- [Brief]:
Reproduce all of the records word for word, omitting the pictures.

- [Images for object localization]:
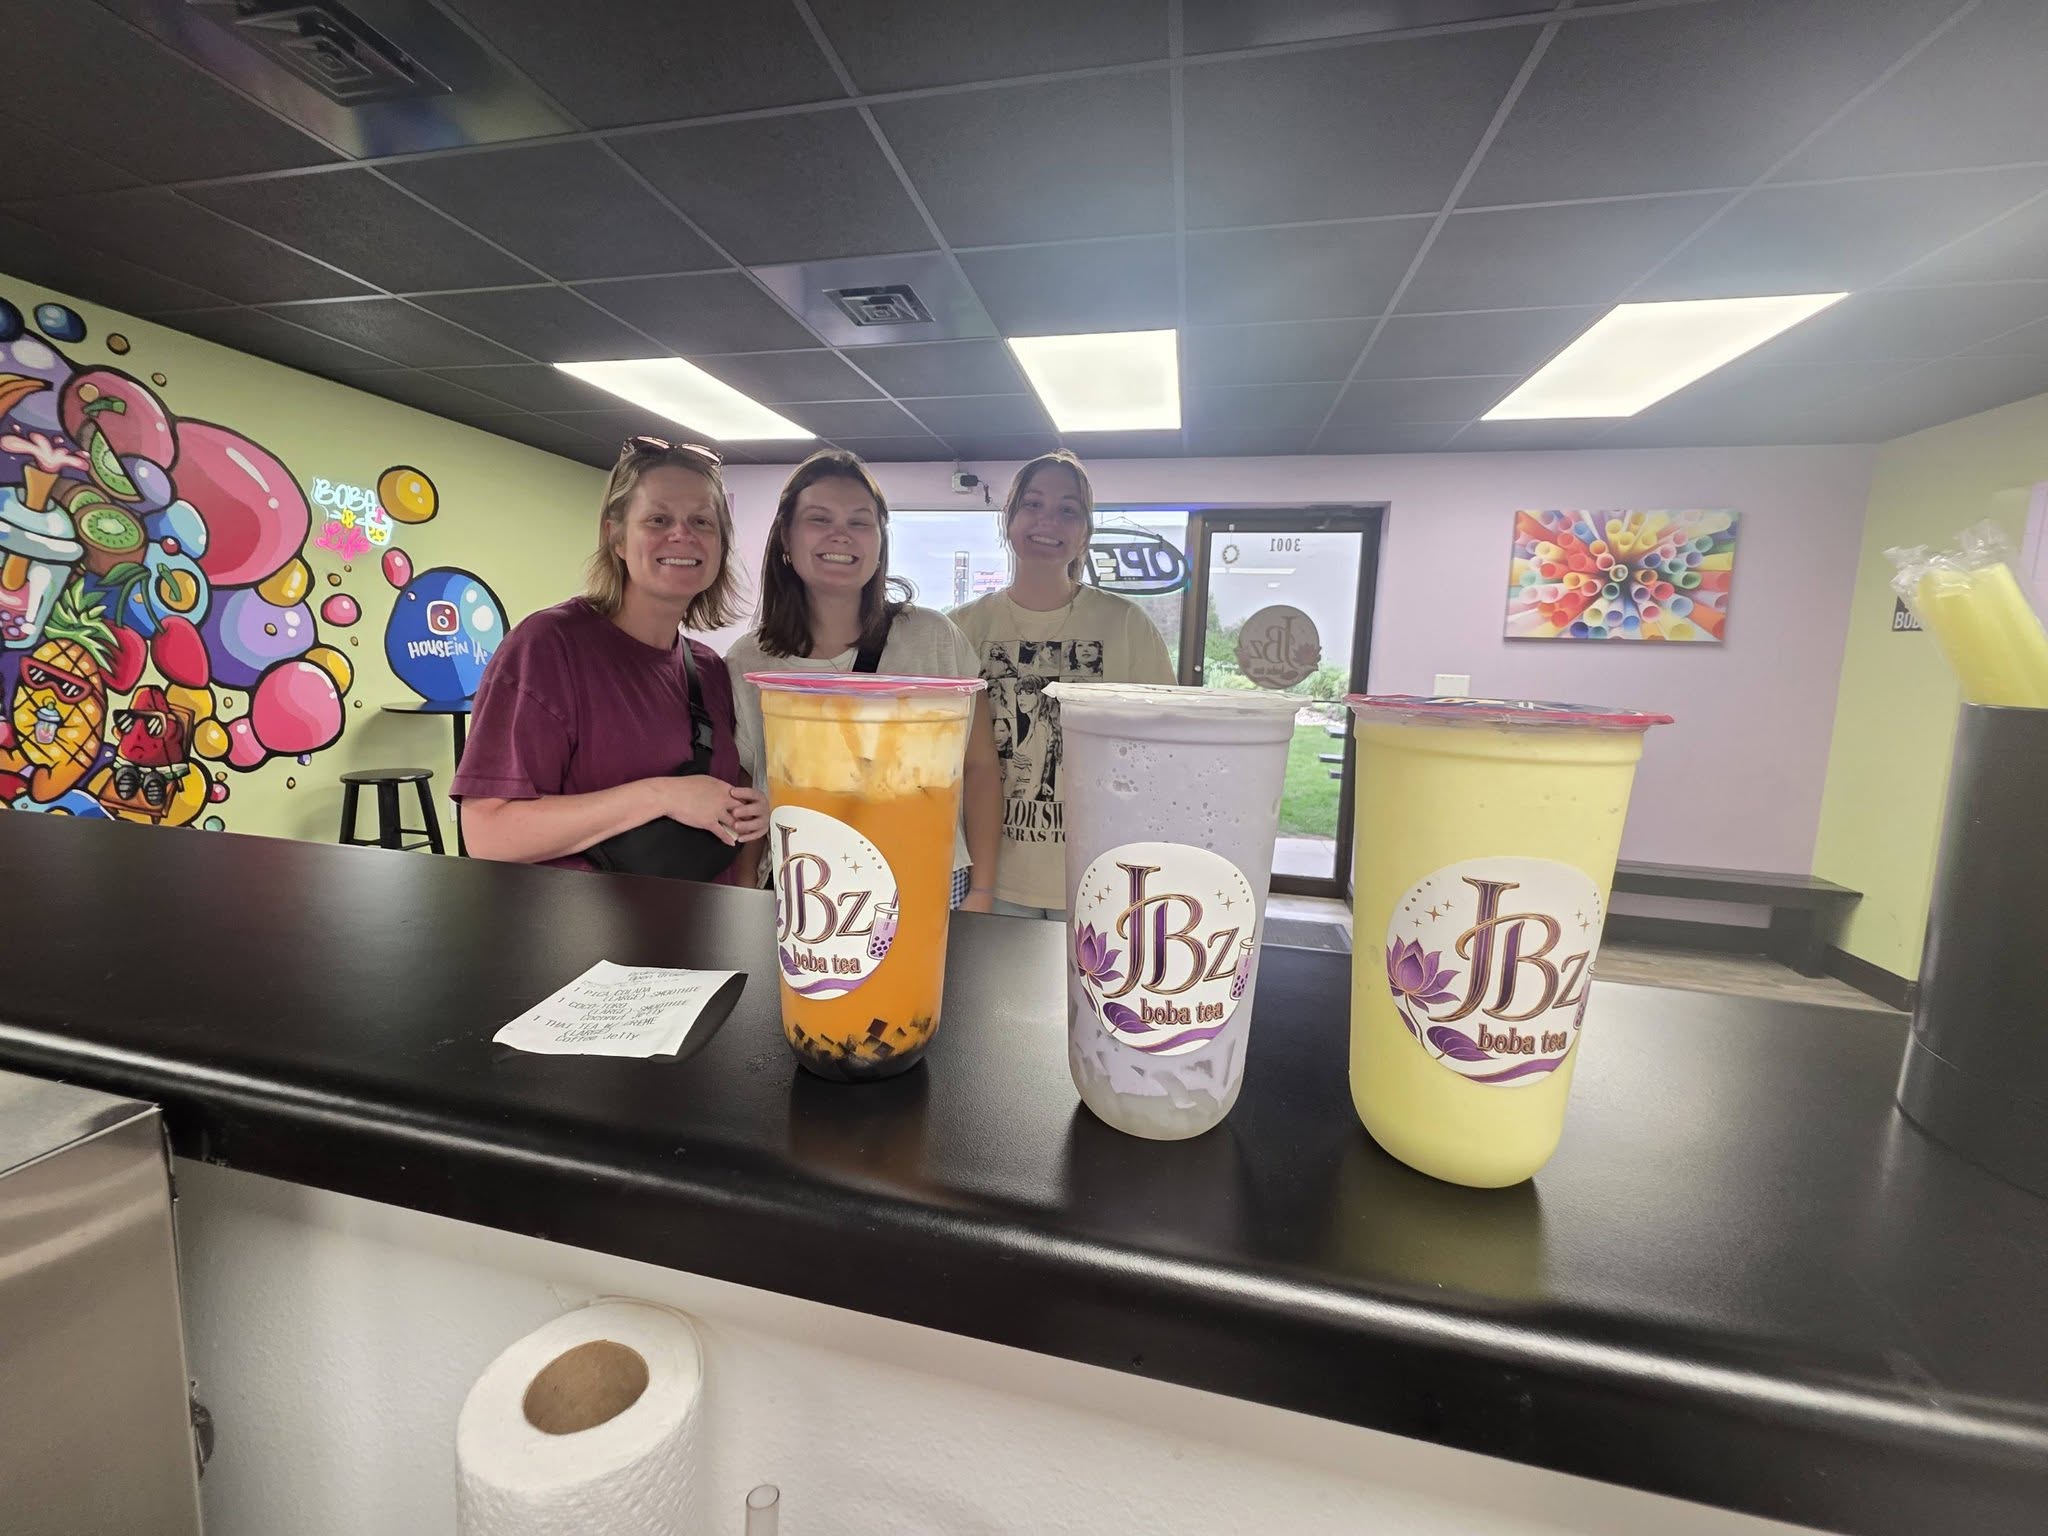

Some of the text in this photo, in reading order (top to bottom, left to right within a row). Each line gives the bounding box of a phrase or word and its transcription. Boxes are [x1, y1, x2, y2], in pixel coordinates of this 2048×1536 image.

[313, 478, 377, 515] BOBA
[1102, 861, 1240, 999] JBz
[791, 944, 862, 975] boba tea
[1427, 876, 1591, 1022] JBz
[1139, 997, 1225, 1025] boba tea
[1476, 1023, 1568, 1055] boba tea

- [Exercise output]:
Some of the text in this photo, in reading order (top to bottom, left to right within a row). Each line gives the bounding box of a phrase or word and its transcription. Boxes are [x1, y1, x2, y2], in pixel coordinates of this 2048×1536 image.

[313, 478, 377, 515] BOBA
[1102, 861, 1240, 999] JBz
[791, 944, 862, 975] boba tea
[1427, 876, 1591, 1022] JBz
[1139, 997, 1225, 1025] boba tea
[1476, 1023, 1568, 1055] boba tea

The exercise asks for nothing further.